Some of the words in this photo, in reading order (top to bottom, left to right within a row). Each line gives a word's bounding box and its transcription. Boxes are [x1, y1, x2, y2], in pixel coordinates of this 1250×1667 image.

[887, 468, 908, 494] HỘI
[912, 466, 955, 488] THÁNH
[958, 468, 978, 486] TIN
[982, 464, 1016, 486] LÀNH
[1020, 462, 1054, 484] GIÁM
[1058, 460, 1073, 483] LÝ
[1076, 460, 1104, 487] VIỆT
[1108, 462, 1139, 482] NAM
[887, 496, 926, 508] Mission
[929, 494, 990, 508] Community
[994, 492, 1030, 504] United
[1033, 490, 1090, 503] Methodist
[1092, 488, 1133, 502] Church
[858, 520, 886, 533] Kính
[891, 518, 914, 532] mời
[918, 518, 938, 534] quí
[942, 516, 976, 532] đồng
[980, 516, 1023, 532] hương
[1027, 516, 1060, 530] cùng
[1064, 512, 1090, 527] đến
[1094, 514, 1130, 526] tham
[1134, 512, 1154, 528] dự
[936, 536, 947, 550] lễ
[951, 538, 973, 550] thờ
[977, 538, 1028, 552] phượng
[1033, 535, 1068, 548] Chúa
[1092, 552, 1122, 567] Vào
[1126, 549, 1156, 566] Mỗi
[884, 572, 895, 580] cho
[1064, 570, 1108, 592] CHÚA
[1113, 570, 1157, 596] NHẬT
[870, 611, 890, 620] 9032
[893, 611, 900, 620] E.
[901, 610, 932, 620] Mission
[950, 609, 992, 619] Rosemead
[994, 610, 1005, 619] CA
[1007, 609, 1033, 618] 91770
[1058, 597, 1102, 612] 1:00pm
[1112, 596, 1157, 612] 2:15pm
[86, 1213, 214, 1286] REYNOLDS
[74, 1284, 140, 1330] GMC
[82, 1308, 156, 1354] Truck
★ ★ ★ ★
* _PROBLEM DETAILS_
Reproduce each of the entries exactly, omitting none.

* _RESULT OF THE EXERCISE_
Some of the words in this photo, in reading order (top to bottom, left to right within a row). Each line gives a word's bounding box and its transcription. Boxes are [x1, y1, x2, y2], in pixel coordinates of this 1250×1667 image.

[887, 468, 908, 494] HỘI
[912, 466, 955, 488] THÁNH
[958, 468, 978, 486] TIN
[982, 464, 1016, 486] LÀNH
[1020, 462, 1054, 484] GIÁM
[1058, 460, 1073, 483] LÝ
[1076, 460, 1104, 487] VIỆT
[1108, 462, 1139, 482] NAM
[887, 496, 926, 508] Mission
[929, 494, 990, 508] Community
[994, 492, 1030, 504] United
[1033, 490, 1090, 503] Methodist
[1092, 488, 1133, 502] Church
[858, 520, 886, 533] Kính
[891, 518, 914, 532] mời
[918, 518, 938, 534] quí
[942, 516, 976, 532] đồng
[980, 516, 1023, 532] hương
[1027, 516, 1060, 530] cùng
[1064, 512, 1090, 527] đến
[1094, 514, 1130, 526] tham
[1134, 512, 1154, 528] dự
[936, 536, 947, 550] lễ
[951, 538, 973, 550] thờ
[977, 538, 1028, 552] phượng
[1033, 535, 1068, 548] Chúa
[1092, 552, 1122, 567] Vào
[1126, 549, 1156, 566] Mỗi
[884, 572, 895, 580] cho
[1064, 570, 1108, 592] CHÚA
[1113, 570, 1157, 596] NHẬT
[870, 611, 890, 620] 9032
[893, 611, 900, 620] E.
[901, 610, 932, 620] Mission
[950, 609, 992, 619] Rosemead
[994, 610, 1005, 619] CA
[1007, 609, 1033, 618] 91770
[1058, 597, 1102, 612] 1:00pm
[1112, 596, 1157, 612] 2:15pm
[86, 1213, 214, 1286] REYNOLDS
[74, 1284, 140, 1330] GMC
[82, 1308, 156, 1354] Truck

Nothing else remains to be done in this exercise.